To have a working fire with someone trapped inside isn’t common, but does happen, Neff said. Most of the time, that person is able to get out by themselves.

Firefighters train extensively to do a primary and secondary search of all of burning buildings, just in case someone is trapped inside.

Landlords and residents can do their parts to ensure their homes have working smoke detectors. Mechanicsburg’s rental inspection program helps monitor these devices to make sure they are working.

“I’ve experienced it too many times where there’s a fire alarm, batteries removed. It’s just, that’s always a hard pill to swallow as a firefighter,” Neff said. “Because you usually work so hard to get to somebody. You don’t know if that’s why they perished, but you know it’s a contributing factor.”

On April 10, just after 6:52 a.m., Neff said his crews did lose a man in a fire, despite their “drastic” search efforts.
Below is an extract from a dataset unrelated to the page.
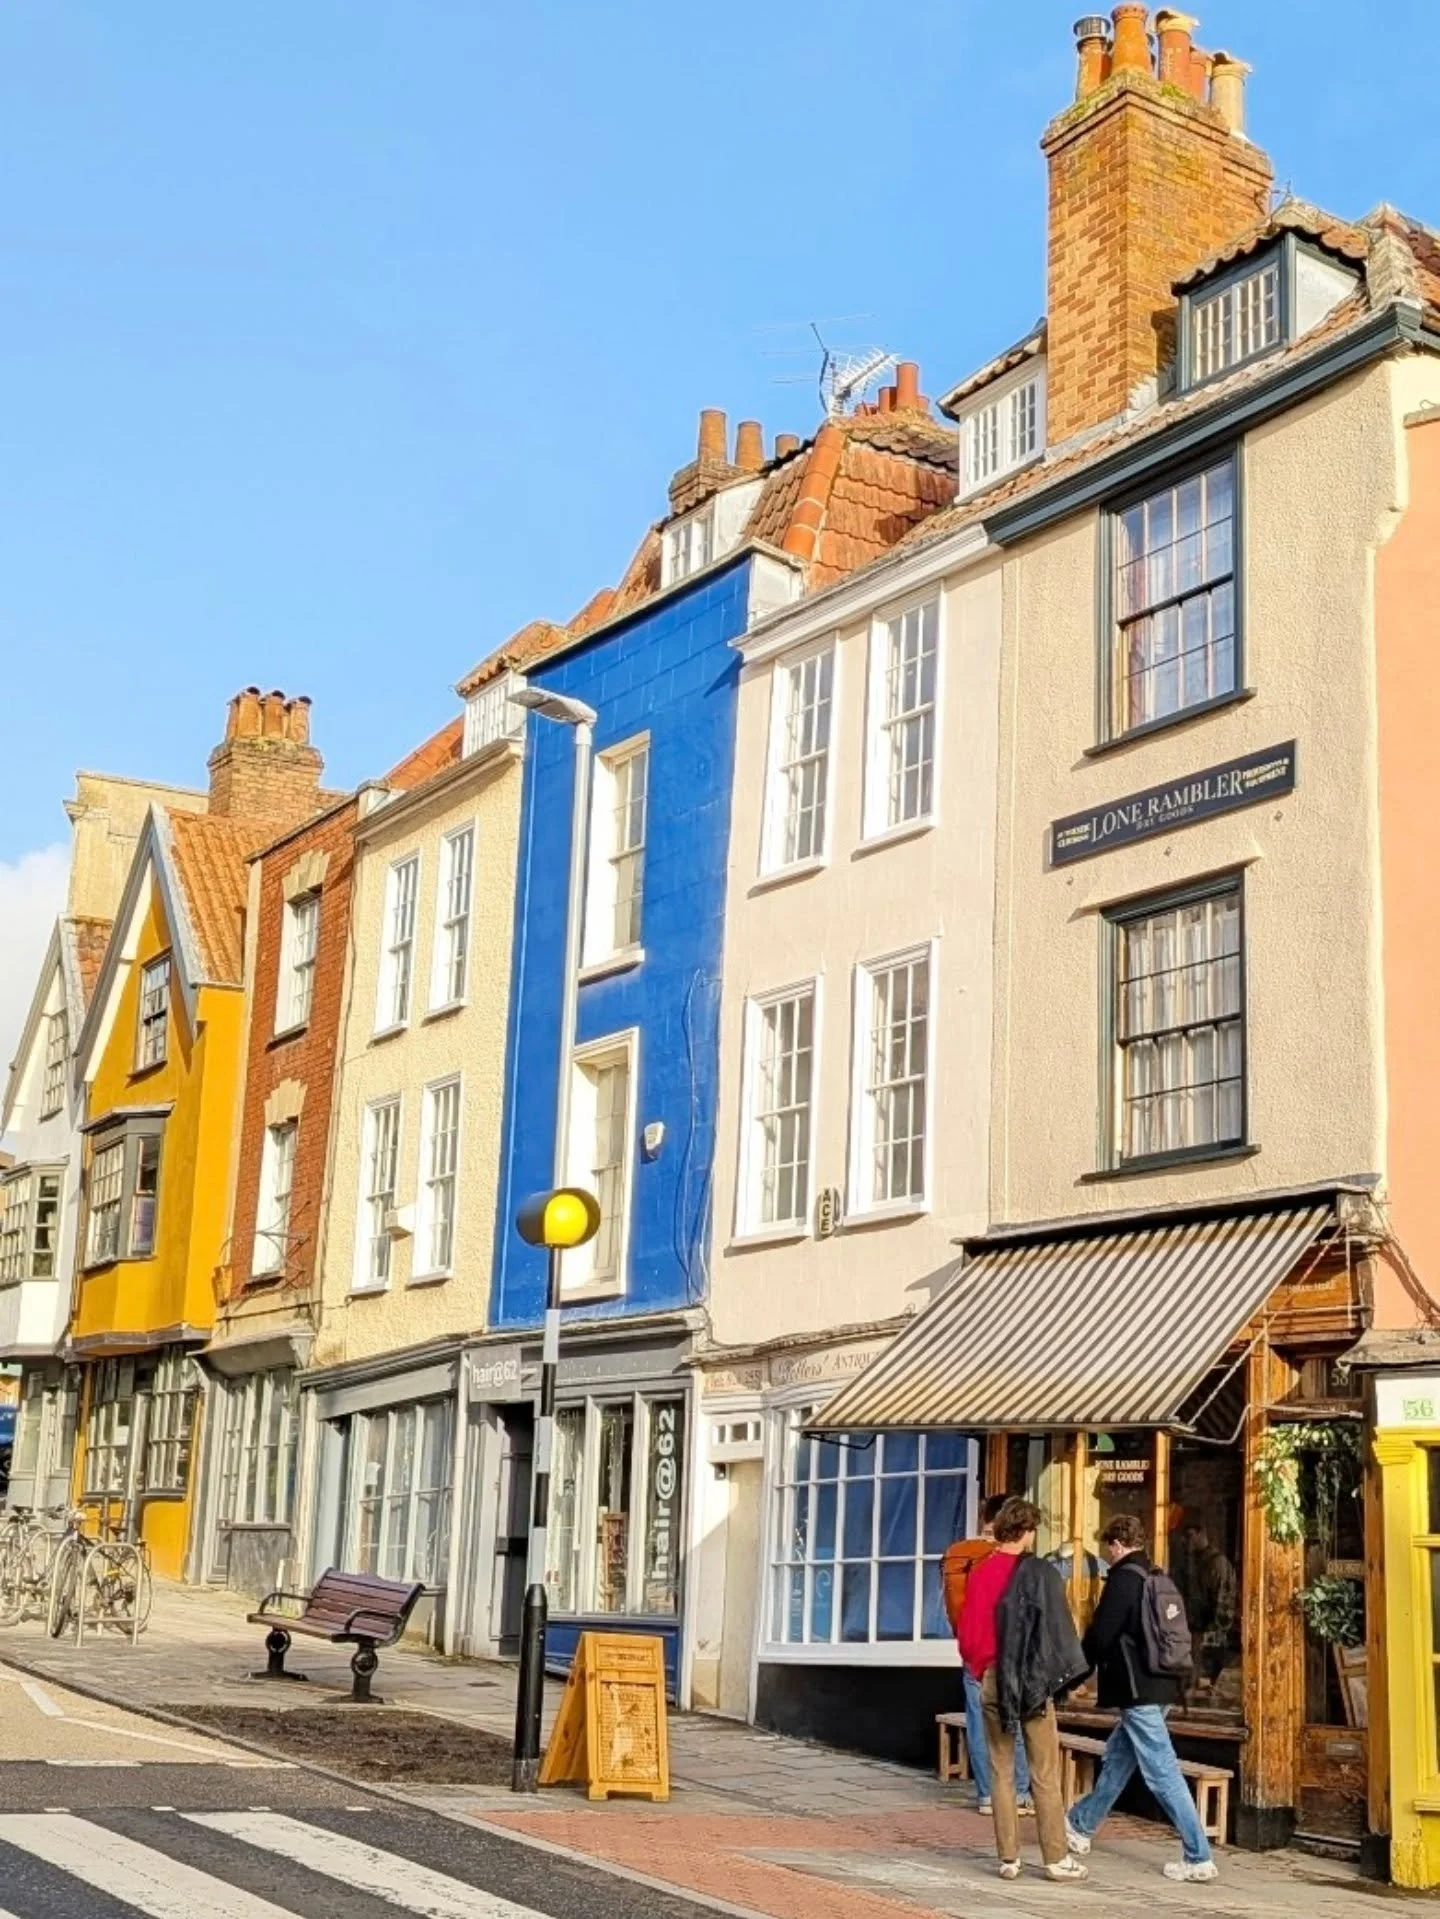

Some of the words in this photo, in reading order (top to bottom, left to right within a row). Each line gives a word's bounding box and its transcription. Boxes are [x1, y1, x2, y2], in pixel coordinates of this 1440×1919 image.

They were not able to reach 63-year-old Howard Motter in his apartment in time at a five-unit building in the 400 block of High Street.

In that case, firefighters later learned the apartment didn’t have working smoke detectors.

Many of the first responders at that fatal fire also worked at the rescue on Simpson Street. One of the paramedics, who had responded to both, came back from the hospital in much higher spirits because the man was expected to survive, Neff said.

“It is a time for joy, it’s a time for appreciation for what the fire department does,” Neff said. “And it is an example of who we are.”

There is still a lot that is unclear about the fire, including the cause. There was also the dog that the first man was trying to go back inside for. Neff said his crews searched repeatedly for the dog, but couldn’t find it.

He hasn’t been able to follow up with that owner, he said, but the hope was that if he wasn’t found, he may have gotten out. Two other dogs were found safe in a garage out back, Neff said.

Neff was grateful for all the help at the Simpson Street fire that resulted in two successful rescues.

He plans to eventually honor the first responders and passersby who participated.

“This was like a big lift,” Negg said. “For a small town to be able to do that, that’s really good stuff.”